Many analysts now believe that the traditional four-year crypto market cycle, historically driven by Bitcoin halvings, is either obsolete or will have a diminished impact on market movements.
According to Polygon co-founder Sandeep Nailwal, the maturing crypto market and growing institutional participation have significantly altered the cycle’s dynamics. Speaking on Cointelegraph’s Chain Reaction podcast, Nailwal explained that speculative activity remains low due to high interest rates in the United States and current liquidity constraints. However, he expects a rebound once interest rates are lowered and the Trump administration fully establishes its economic policies.

While Nailwal still anticipates market drawdowns of 30-40% between cycles and acknowledges that Bitcoin halvings will continue to influence prices, he argues that the extreme volatility of past cycles is fading. “Historically, we’ve seen 90% drawdowns between cycles, which was typical for crypto. Going forward, I believe corrections will be less severe and the market will feel more professional and mature, particularly for Blue Chip crypto assets,” he said.
The Polygon founder also noted that as the market enters its next bullish phase, capital will likely flow from large-cap assets into smaller-cap projects, continuing the cycle of growth and innovation within the industry.
Factors Disrupting the Traditional Four-Year Cycle
One major factor reshaping the crypto market cycle is U.S. President Donald Trump’s executive order establishing a Bitcoin strategic reserve. Market analysts believe this move has introduced a new layer of demand that diverges from the historical four-year rhythm.
Additionally, pro-crypto policies from the Trump administration have legitimized digital assets in the eyes of institutional investors. This institutional adoption is expected to bring fresh capital into the sector while reducing overall market volatility.

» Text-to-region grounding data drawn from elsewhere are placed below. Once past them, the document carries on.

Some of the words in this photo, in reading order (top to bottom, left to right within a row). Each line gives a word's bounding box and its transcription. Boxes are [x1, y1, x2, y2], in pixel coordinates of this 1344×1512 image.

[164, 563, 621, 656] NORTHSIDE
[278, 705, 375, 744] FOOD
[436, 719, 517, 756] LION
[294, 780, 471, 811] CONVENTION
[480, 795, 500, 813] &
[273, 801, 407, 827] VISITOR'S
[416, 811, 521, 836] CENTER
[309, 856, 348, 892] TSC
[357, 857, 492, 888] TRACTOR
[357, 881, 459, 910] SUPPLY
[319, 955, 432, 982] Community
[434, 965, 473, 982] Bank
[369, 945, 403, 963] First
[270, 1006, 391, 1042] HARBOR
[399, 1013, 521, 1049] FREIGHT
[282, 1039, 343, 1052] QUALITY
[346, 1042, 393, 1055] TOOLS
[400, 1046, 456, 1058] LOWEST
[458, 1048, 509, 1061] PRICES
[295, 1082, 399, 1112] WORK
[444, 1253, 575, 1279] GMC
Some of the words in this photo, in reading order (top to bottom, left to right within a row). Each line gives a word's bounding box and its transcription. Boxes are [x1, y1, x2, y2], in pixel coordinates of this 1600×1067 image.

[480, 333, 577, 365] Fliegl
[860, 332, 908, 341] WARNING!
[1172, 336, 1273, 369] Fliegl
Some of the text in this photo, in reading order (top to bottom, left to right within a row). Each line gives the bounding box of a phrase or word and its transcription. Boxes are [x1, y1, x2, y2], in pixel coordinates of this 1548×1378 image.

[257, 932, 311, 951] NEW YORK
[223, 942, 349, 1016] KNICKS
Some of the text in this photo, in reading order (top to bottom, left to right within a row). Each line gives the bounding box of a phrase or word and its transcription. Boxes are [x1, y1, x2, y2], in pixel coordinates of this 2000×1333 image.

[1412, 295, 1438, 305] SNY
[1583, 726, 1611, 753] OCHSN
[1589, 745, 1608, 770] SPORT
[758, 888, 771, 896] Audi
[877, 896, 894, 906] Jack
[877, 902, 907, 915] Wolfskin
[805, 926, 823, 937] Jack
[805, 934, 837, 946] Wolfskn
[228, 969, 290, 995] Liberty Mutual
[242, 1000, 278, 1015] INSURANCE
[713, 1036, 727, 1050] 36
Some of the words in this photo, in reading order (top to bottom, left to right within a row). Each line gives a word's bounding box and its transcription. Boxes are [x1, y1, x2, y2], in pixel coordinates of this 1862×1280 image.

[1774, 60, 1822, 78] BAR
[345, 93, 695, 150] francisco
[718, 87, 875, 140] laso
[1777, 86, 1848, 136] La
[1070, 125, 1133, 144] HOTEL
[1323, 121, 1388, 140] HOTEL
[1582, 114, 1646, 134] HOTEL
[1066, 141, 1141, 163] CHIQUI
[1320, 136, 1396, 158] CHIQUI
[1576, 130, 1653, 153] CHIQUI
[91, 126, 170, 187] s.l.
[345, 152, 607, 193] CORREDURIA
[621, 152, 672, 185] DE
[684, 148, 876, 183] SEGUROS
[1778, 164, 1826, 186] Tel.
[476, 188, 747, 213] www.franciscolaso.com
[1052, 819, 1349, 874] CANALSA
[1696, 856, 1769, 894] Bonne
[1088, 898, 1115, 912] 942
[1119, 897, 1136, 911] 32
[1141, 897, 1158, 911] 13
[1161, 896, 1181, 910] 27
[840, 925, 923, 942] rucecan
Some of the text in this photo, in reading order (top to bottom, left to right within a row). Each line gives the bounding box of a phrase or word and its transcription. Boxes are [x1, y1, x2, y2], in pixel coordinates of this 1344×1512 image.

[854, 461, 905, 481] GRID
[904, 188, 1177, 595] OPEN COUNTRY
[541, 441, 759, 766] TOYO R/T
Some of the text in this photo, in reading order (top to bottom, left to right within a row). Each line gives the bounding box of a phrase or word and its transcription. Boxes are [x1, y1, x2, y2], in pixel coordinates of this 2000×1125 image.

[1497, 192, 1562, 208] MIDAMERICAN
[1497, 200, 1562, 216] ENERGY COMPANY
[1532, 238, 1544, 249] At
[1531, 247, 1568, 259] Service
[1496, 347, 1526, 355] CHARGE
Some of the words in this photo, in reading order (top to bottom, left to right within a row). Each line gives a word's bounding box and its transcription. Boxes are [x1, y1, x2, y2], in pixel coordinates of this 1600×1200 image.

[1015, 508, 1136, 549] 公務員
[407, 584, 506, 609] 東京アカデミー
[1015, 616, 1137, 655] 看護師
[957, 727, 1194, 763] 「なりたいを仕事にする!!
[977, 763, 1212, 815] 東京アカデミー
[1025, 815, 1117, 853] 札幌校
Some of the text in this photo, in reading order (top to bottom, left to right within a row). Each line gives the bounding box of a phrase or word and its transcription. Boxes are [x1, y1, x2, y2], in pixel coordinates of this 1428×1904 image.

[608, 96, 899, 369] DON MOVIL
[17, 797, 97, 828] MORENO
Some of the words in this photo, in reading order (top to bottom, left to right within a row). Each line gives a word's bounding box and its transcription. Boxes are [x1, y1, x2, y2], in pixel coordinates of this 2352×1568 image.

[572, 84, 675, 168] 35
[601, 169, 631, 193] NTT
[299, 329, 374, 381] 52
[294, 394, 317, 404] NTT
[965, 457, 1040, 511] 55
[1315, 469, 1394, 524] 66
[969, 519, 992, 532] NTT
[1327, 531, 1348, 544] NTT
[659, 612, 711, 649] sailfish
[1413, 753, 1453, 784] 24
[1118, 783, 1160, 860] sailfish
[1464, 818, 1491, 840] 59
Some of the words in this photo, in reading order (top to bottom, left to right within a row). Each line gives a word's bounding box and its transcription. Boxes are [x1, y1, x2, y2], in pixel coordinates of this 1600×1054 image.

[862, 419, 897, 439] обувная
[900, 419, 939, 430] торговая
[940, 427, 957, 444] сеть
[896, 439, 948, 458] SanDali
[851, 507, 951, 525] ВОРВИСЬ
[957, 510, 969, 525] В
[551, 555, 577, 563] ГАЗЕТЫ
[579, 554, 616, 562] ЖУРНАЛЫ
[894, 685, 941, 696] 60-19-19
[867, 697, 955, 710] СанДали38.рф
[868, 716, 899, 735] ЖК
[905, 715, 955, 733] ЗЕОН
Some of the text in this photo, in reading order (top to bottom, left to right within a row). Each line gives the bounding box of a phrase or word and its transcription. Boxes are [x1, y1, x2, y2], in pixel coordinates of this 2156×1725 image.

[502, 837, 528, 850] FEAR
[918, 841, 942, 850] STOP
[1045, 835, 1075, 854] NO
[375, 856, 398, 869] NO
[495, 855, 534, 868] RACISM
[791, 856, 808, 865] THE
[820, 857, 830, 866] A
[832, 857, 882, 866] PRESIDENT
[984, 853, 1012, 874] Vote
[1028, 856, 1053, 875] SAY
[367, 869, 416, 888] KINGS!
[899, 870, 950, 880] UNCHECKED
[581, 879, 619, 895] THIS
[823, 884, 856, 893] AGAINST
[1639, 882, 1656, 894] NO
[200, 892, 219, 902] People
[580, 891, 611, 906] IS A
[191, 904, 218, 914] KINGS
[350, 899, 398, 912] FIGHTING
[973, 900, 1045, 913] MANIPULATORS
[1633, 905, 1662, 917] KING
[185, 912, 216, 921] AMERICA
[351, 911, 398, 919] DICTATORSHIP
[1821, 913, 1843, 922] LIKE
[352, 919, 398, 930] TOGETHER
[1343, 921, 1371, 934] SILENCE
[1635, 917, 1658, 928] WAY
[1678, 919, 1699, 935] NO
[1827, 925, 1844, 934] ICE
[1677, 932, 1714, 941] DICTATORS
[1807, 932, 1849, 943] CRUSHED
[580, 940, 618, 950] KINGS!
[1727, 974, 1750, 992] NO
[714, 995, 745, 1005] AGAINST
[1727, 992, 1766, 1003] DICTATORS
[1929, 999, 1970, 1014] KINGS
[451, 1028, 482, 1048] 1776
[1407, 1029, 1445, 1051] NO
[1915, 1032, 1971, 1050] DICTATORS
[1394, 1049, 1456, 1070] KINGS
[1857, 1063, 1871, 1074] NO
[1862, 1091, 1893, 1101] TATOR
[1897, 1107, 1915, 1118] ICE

Another disruptive force is the emergence of cryptocurrency exchange-traded funds (ETFs), which have stabilized the prices of assets included in these investment vehicles. Unlike direct crypto holdings, ETFs do not allow investors to freely rotate capital between assets, which changes traditional market dynamics and liquidity patterns.
Lastly, macroeconomic pressures and geopolitical uncertainty continue to impact crypto cycles, as investors shift between risk-on assets like cryptocurrencies and safer alternatives such as cash and government bonds.
As the crypto market evolves, these structural changes suggest that the traditional four-year cycle may no longer dictate price movements as strongly as in the past, paving the way for a new era of market behavior.